Attenuation of Cardiomyocyte Hypertrophy Via Inhalation of Isosteviol-Loaded Exosome in Mice

Abstract

Isosteviol has been investigated with a cardio-treating effect on cardiomyocyte hypertrophy. However, its hydrophilicity suppressed its efficient cellular uptake for targeting the heart. Exosomes were seen as delivery vesicles with excellent histocompatibility; thus, an isosteviol-loaded exosome (Istv-exo) was prepared for cardiopulmonary delivery in this study. For in vivo evaluation, the Istv-exo and isosteviol saline solution was used for inhalation or intragastric administration on Sprague–Dawley rats for an assay of dynamic distribution. The higher biodistribution of Istv-exo in the lung and heart has been confirmed by the dynamic content curve. Istv-exo/isosteviol solution was administered by inhalation/intragastrically to Myh6^-/- mice, a cardiomyocyte hypertrophy model, to explore the therapeutic effect.

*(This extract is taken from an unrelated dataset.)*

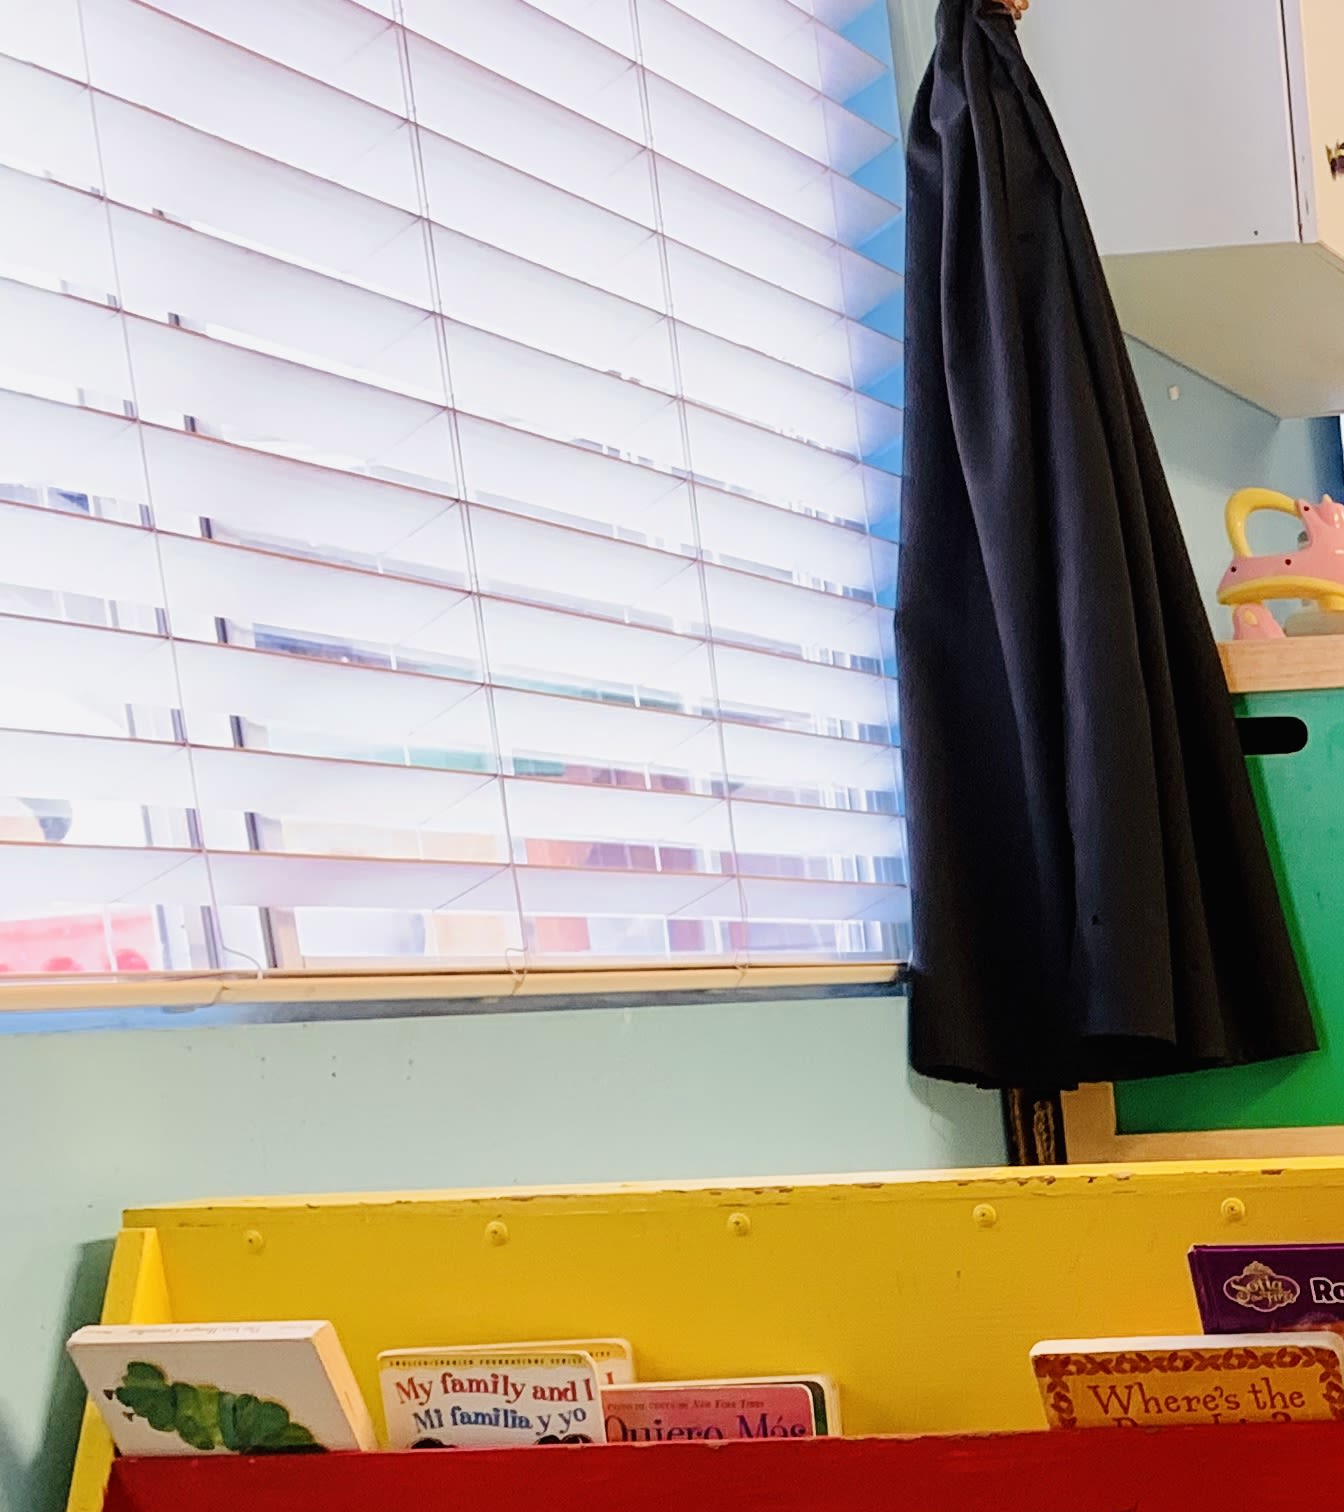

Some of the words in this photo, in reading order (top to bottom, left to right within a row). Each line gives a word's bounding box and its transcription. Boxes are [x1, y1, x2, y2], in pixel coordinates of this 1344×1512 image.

The heart function of the mice was measured using echocardiography and in situ imaging was used to analyze the morphology of the heart. The higher level of left ventricular internal dimension, ejection fraction, and cardiac output in echocardiography indicated that Istv-exo enhanced improvement of myocardial function. The attenuation of cardiomyocyte hypertrophy in mice treated with inhalation of Istv-exo determined that it contributed to the reversal of pathological hypertrophy phenotypes. Wheat germ agglutinin staining confirmed that cardiomyocyte hypertrophy was reversed to varying degrees in the Istv-exo, intragastrical isosteviol, and positive control groups. Hematoxylin and eosin staining exhibited the enlarging left ventricular and thinning ventricular wall of the treated mice. Drastically less collagen fiber was observed in the positive control group and Istv-exo group. The inhalation administration of isosteviol-loaded exosomes may be better in therapy for cardiomyocyte hypertrophy than intragastric usage of isosteviol.